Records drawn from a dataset
========================================
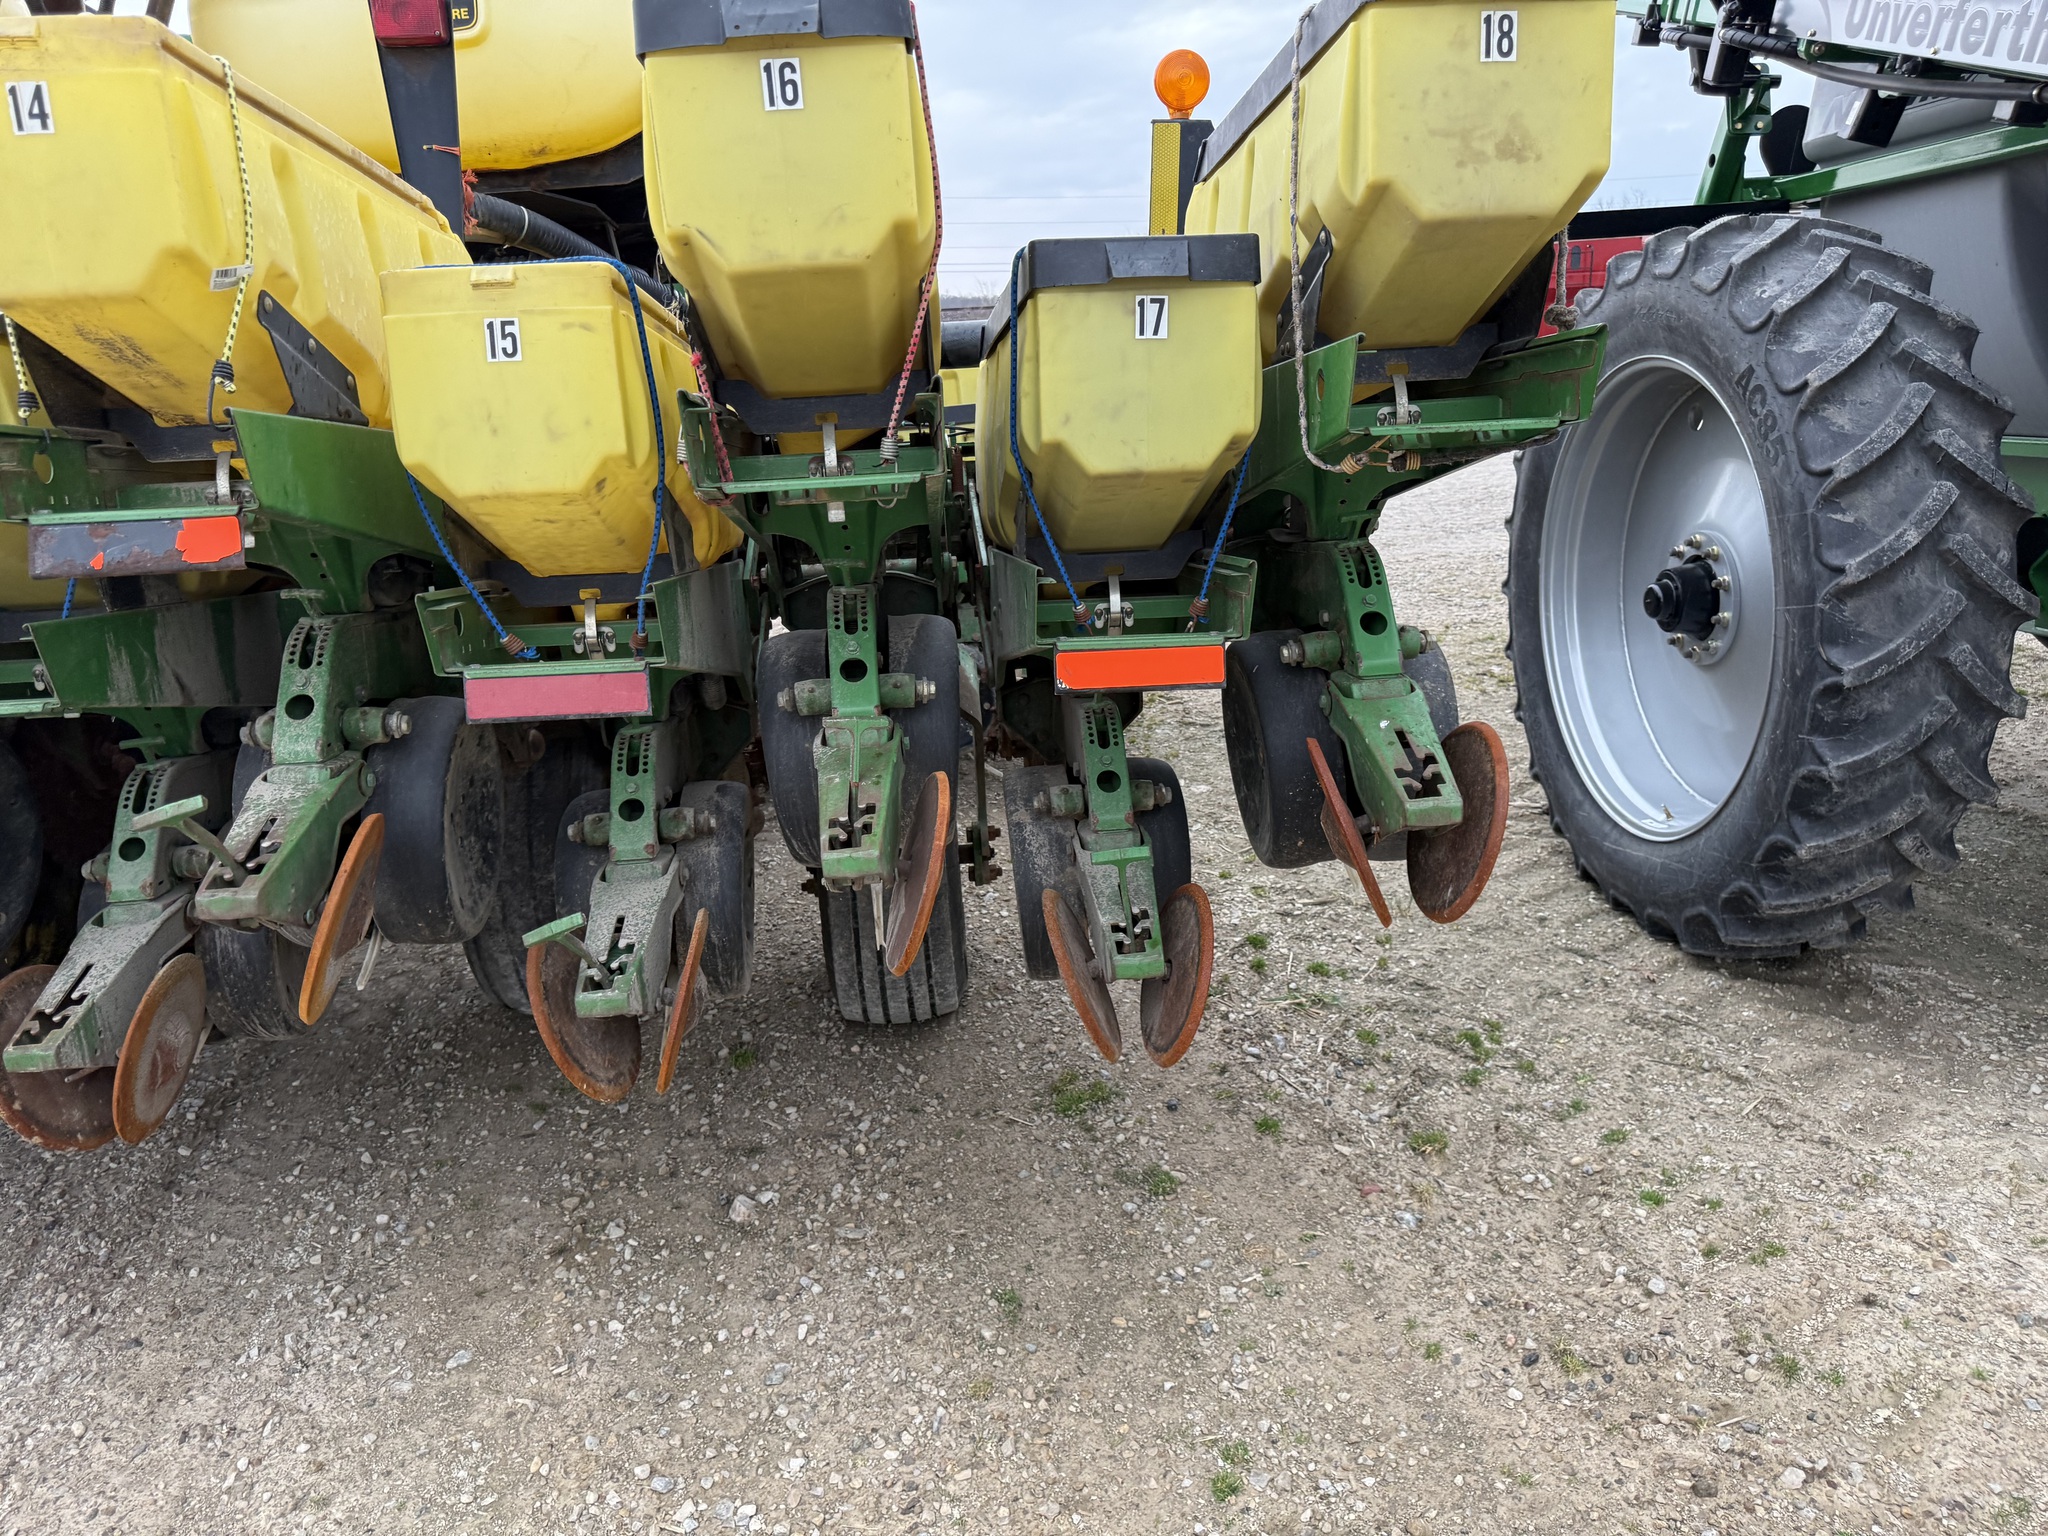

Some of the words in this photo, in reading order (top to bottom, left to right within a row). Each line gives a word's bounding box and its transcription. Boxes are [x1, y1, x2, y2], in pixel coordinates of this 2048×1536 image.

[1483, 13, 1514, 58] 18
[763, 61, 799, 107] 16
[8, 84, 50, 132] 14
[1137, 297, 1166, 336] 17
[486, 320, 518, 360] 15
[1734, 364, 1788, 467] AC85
========================================
• Your instructions
In the copy, no picture may appear; the records themselves must be output exactly.

• Completed task
Some of the words in this photo, in reading order (top to bottom, left to right within a row). Each line gives a word's bounding box and its transcription. Boxes are [x1, y1, x2, y2], in pixel coordinates of this 2048×1536 image.

[1483, 13, 1514, 58] 18
[763, 61, 799, 107] 16
[8, 84, 50, 132] 14
[1137, 297, 1166, 336] 17
[486, 320, 518, 360] 15
[1734, 364, 1788, 467] AC85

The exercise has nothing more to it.